Thanks for the feedback. I don't have a Debian available; I'm running Cygwin with Perlbrew and was able to wind back to v5.32.0 (the closest I have to your v5.32.1). Under that version I have Unicode::UCD 0.75 and Encode 3.06 — what do you have? Here's a few tests.
$ perl -v | head -2 | tail -1 This is perl 5, version 32, subversion 0 (v5.32.0) built for cygwin-th +read-multi
I saw the three vowels (WITH DIAERESIS) on the web page. They didn't change when I pasted them onto my command line; nor in the uparse output.

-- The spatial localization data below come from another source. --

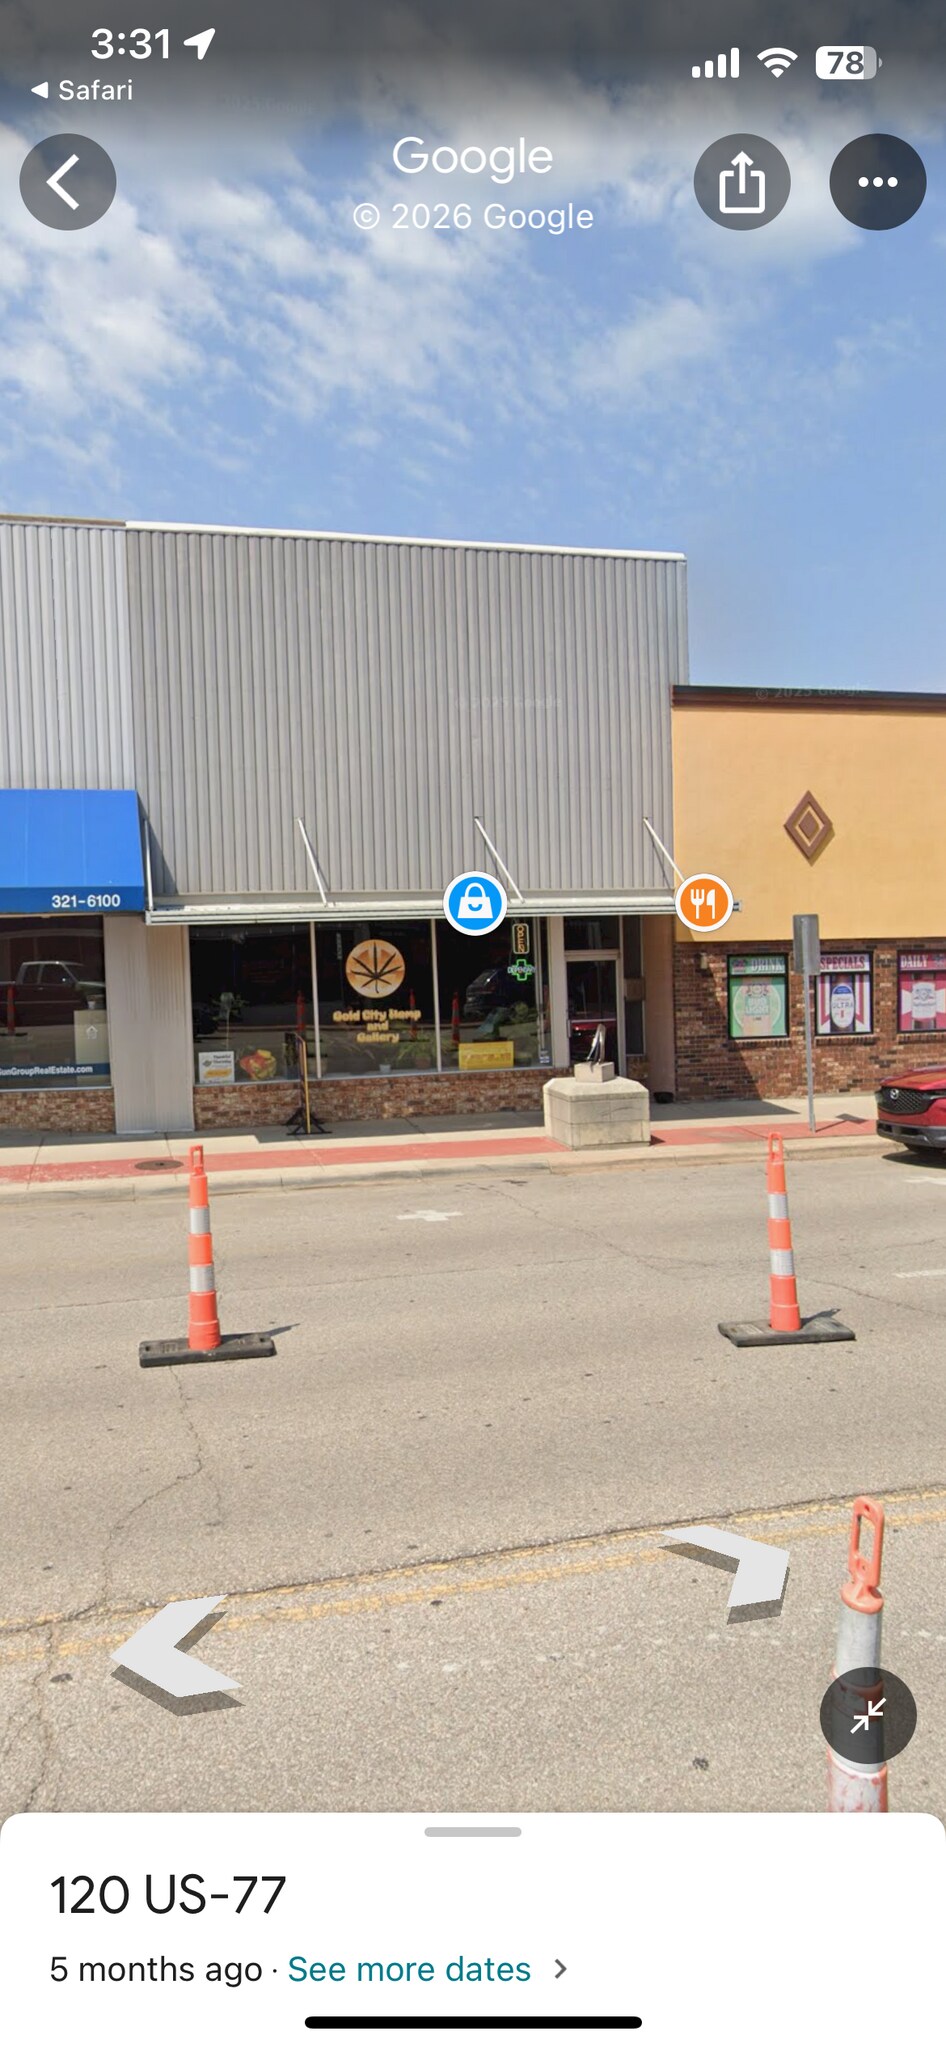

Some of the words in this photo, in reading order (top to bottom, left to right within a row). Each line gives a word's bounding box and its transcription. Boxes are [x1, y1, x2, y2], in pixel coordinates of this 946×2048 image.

[52, 894, 121, 908] 321-6100
[751, 957, 786, 973] DRINK
[820, 956, 865, 969] SPECIALS
[900, 954, 928, 969] DAILY
[832, 1001, 854, 1009] ULTRA
[333, 1009, 361, 1022] Gold
[361, 1008, 387, 1022] City
[388, 1008, 421, 1021] Hemp
[366, 1020, 389, 1032] and
[356, 1031, 399, 1043] Gallery

However, when I pasted the results back here:
$ uparse äöü ============================================================ String: 'äöü' ============================================================ ä U+E4 LATIN SMALL LETTER A WITH DIAERESIS ö U+F6 LATIN SMALL LETTER O WITH DIAERESIS ü U+FC LATIN SMALL LETTER U WITH DIAERESIS ------------------------------------------------------------
And just so that you know what I'm seeing:
$ uparse äöü ============================================================ String: 'äöü' ============================================================ à U+C3 LATIN CAPITAL LETTER A WITH TILDE ¤ U+A4 CURRENCY SIGN à U+C3 LATIN CAPITAL LETTER A WITH TILDE ¶ U+B6 PILCROW SIGN à U+C3 LATIN CAPITAL LETTER A WITH TILDE ¼ U+BC VULGAR FRACTION ONE QUARTER ------------------------------------------------------------
There were no surprises with my other tests.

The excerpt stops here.